For the rest of BuzzFeed’s competitors, the path to liquidity is less clear. With SPACs retreating as a possible option, where do Vox, Vice, BDG, etc. go with their aspirations? It’s unlikely any of them go through a traditional IPO process, but it’s also unlikely they’ll be able to get a SPAC across the finish line. But they’re equally too large for a traditional acquisition as well.
The next 6-12 months of BuzzFeed’s performance are important for these other media companies. If BuzzFeed is able to hit its goals and the stock starts to rise, then investors may become more interested in these other digital media players. If, however, BuzzFeed does ultimately fumble, an easy exit may not exist.
The Future turnaround story
One of the reasons I am so excited about BuzzFeed going public even if it’ll be rocky is because we don’t have many public media companies here in the United States. In the United Kingdom, though, there are quite a few.
Future is one of them that has gone through quite a transition over the past decade. PressGazette dug into the history of the company since the financial crisis. But for context, this intro really is intense:
Pre-tax profits at specialist publisher Future have once again ballooned, this time more than doubling to £107.8m in its full-year results for 2020/2021.
Only five years ago, though, the company was reporting losses of £30m.
The company went from losing £30m to earning £107.8 million. That is an unbelievable turnaround. How has it done it? PressGazette looked at every deal that was done since 2016 and found that Future had spent at least $1.3 billion over 19 deals.
What was it buying?
In 2019, it paid £53.8 million for SmartBrief, which partners with industry associations to power their newsletters. The association drives the audience and SmartBrief writes and sells advertising in the newsletters. I wrote about its acquisition of Dennis back in August.

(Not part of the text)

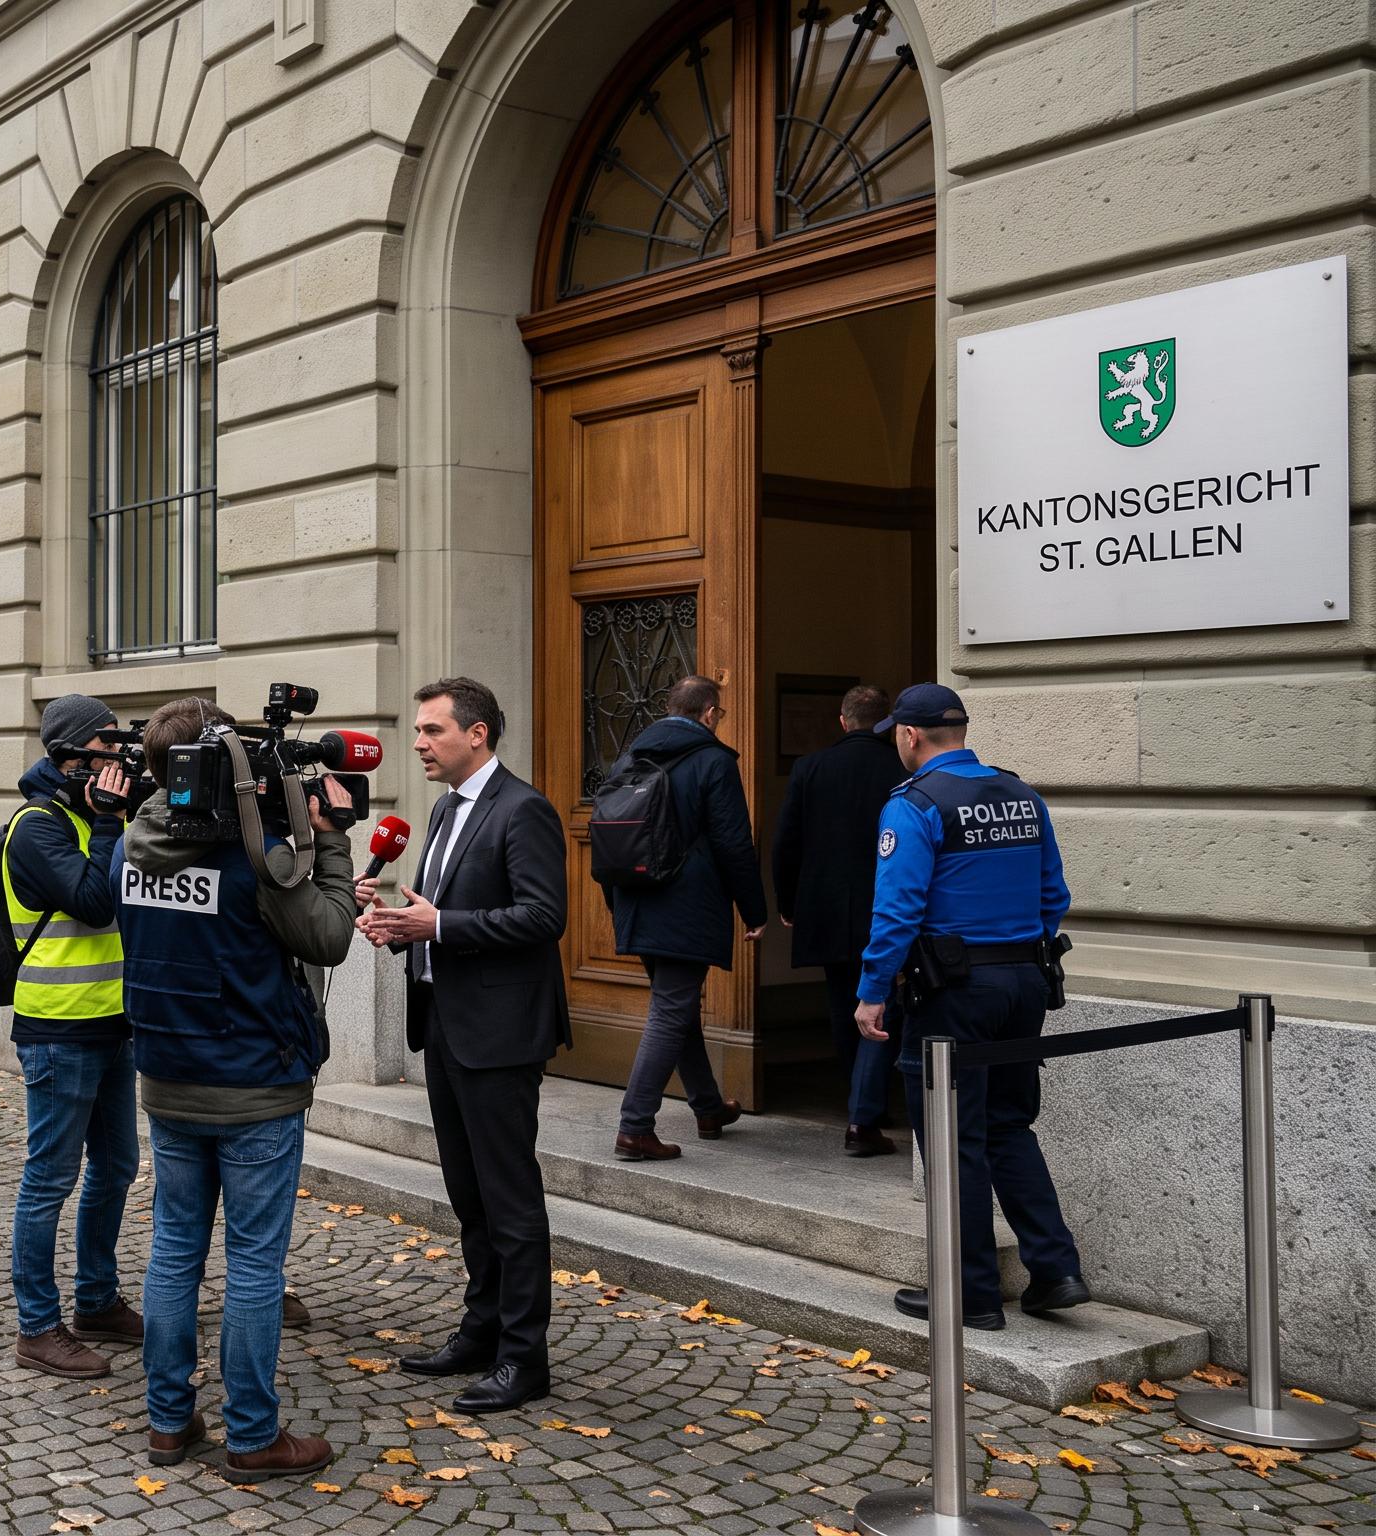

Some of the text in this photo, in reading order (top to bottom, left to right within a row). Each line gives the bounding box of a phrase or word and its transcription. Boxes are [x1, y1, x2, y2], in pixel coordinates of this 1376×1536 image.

In a nutshell, Future is the truest definition of a niche media operation. I would be shocked if any of its publications are massive scale plays. But, each one serves a specific audience. SmartBrief’s pubs serve specific B2B industries. Dennis has brands like IT Pro, Minecraft World, and Kiplinger. These are niche players for very specific audiences.
So, what comes next?
I would be shocked if Future slowed down. It has found a model that works for it. Acquire an asset, clean things up, and put a diversified monetization model against it. It’s not sexy, but it works. Five years ago, shares of Future could be picked up for £172. Today, each share trades at £3,296. What a turnaround.